Location:Home > Policy Consulting > Economic News > Details

Italy waits impatiently to hear if Mario Monti will run again

发表于 cjyyzb1
An election campaign that promises to be chaotic and confusing even by Italian standards gets under way on Sunday when Mario Monti is expected to announce whether he will stand again as a candidate to be prime minister.

The outgoing technocrat premier, who has implemented painful austerity measures during his 13 months in office, will hold a press conference that will be closely monitored by other contenders, including former prime minister Silvio Berlusconi, with elections expected on 24 February.

Both Berlusconi and centre-left candidate Pier Luigi Bersani – who currently leads the polls on 30% – have warned Monti to abandon a plan to head a coalition of small centrist parties that could lure their votes away.

"The country really needs clarity from Monti," said Roberto D'Alimonte, a professor of politics at the LUISS university in Rome. "I hope this guy makes up his mind on Sunday."

Monti resigned on Friday after Berlusconi's party withdrew support for the former academic, who has raised taxes, sought to cut red tape, passed anti-corruption legislation and reformed Italy's pension system, winning praise from the financial markets.

Monti told foreign diplomats on Friday that he had left Italy "more trustworthy". Should he decide to stand again after resigning, it will turn a crucial election campaign into a highly unpredictable race.

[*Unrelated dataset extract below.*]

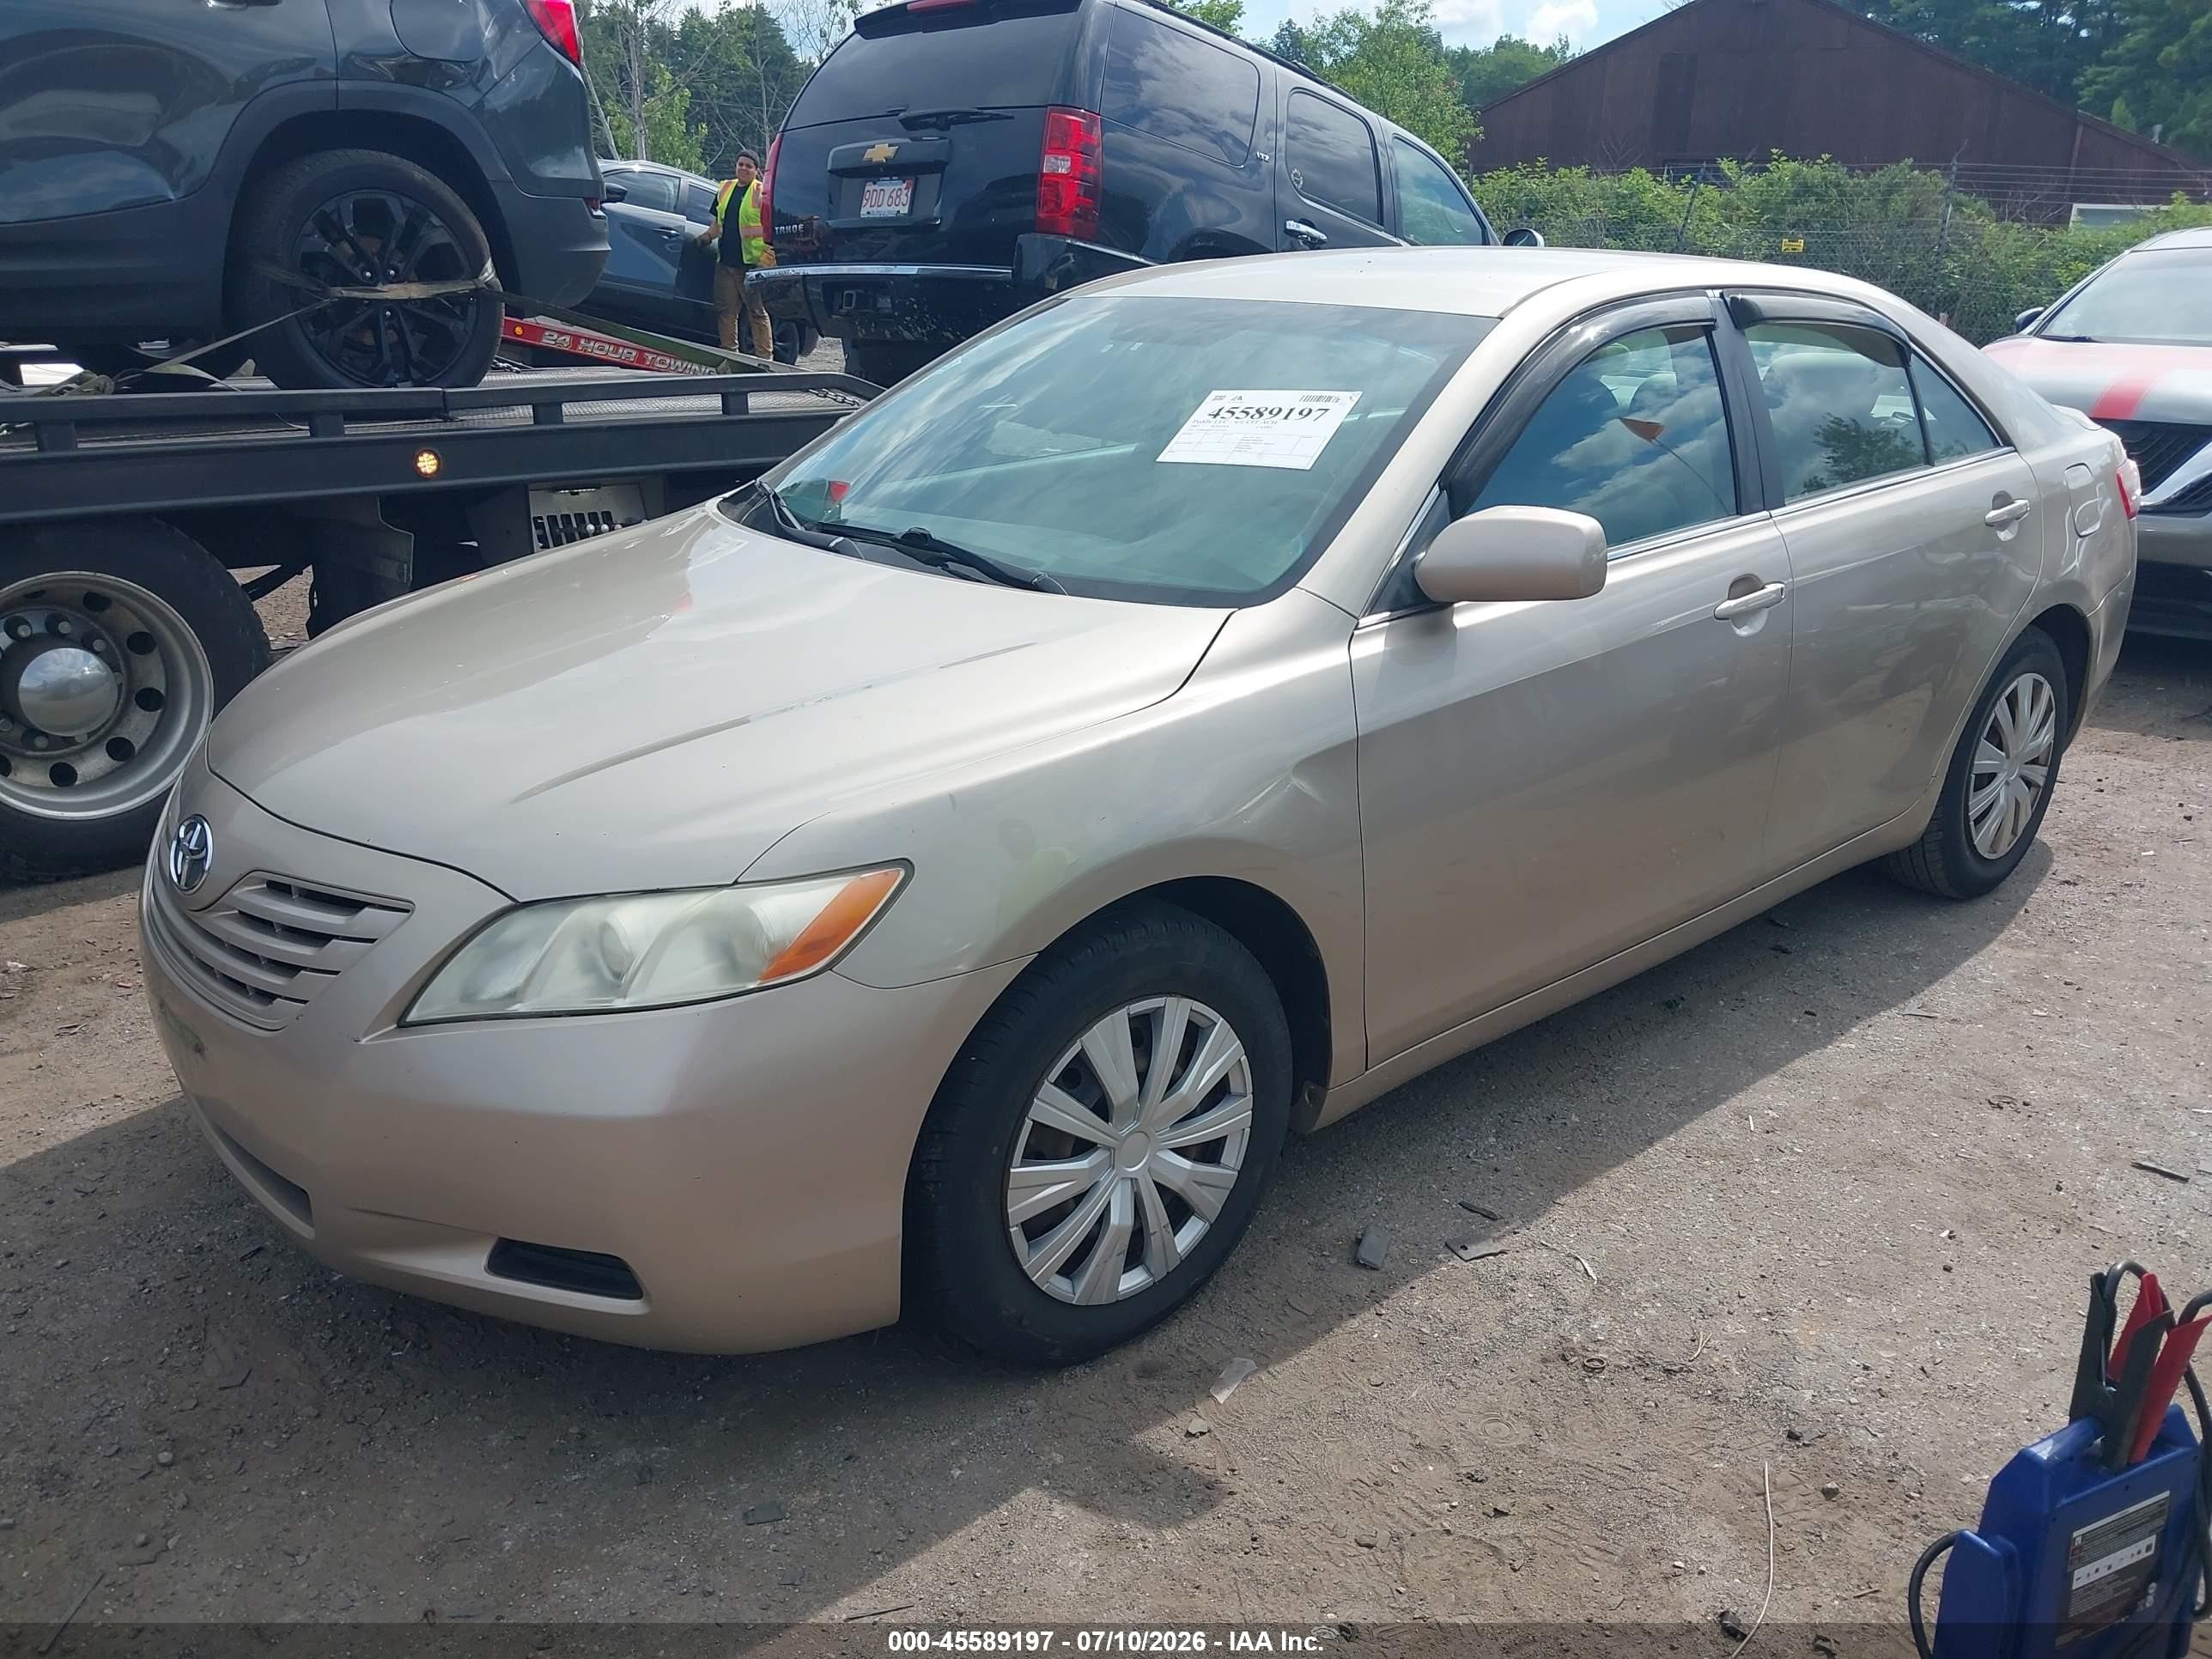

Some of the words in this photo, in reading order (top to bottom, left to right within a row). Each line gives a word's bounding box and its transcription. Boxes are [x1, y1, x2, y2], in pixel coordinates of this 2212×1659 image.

Berlusconi spent last week doing back-to-back interviews – often with fawning interviewers on his own TV channels – condemning Monti's brand of austerity and promising to cut MPs' privileges in a bid to steal votes from the comedian Beppe Grillo, who is running on a populist anti-sleaze ticket and outranking Berlusconi in the polls.

With his support now below 20%, Berlusconi may not pull off a comeback triumph, but he has a chance of becoming pivotal in the senate if he can win back votes in the wealthy northern region of Lombardy, where his officials have been implicated in a stream of scandals ranging from buying votes from the mafia to claiming ice-creams on expenses.

To pull it off, Berlusconi needs to reforge his ties with the Northern League, which has resisted his overtures to date, although party leader Roberto Maroni has indicated a decision will be announced on 29 December.

Italians weary of Berlusconi's scandalous private life may sit up and listen when he claims that Monti's economics are derailing rather than accelerating Italy's economy, with unemployment at a 13-year high of 11.1%. The markets may like Monti, but 61% of Italians, fed up with his swingeing housing tax, do not want him back. "There has been speculation that Monti may even announce on Sunday he is not running," said D'Alimonte. "Monti knows he cannot win, but would only get at most 15% to 20% if he campaigns well."

A fifth of the vote would, however, be enough to form a coalition with Bersani in the senate to keep Berlusconi at bay.

"If Monti doesn't run and Bersani wins, but Berlusconi gets his alliance with the League and can stop the centre-left controlling the senate, we might risk new elections," said D'Alimonte.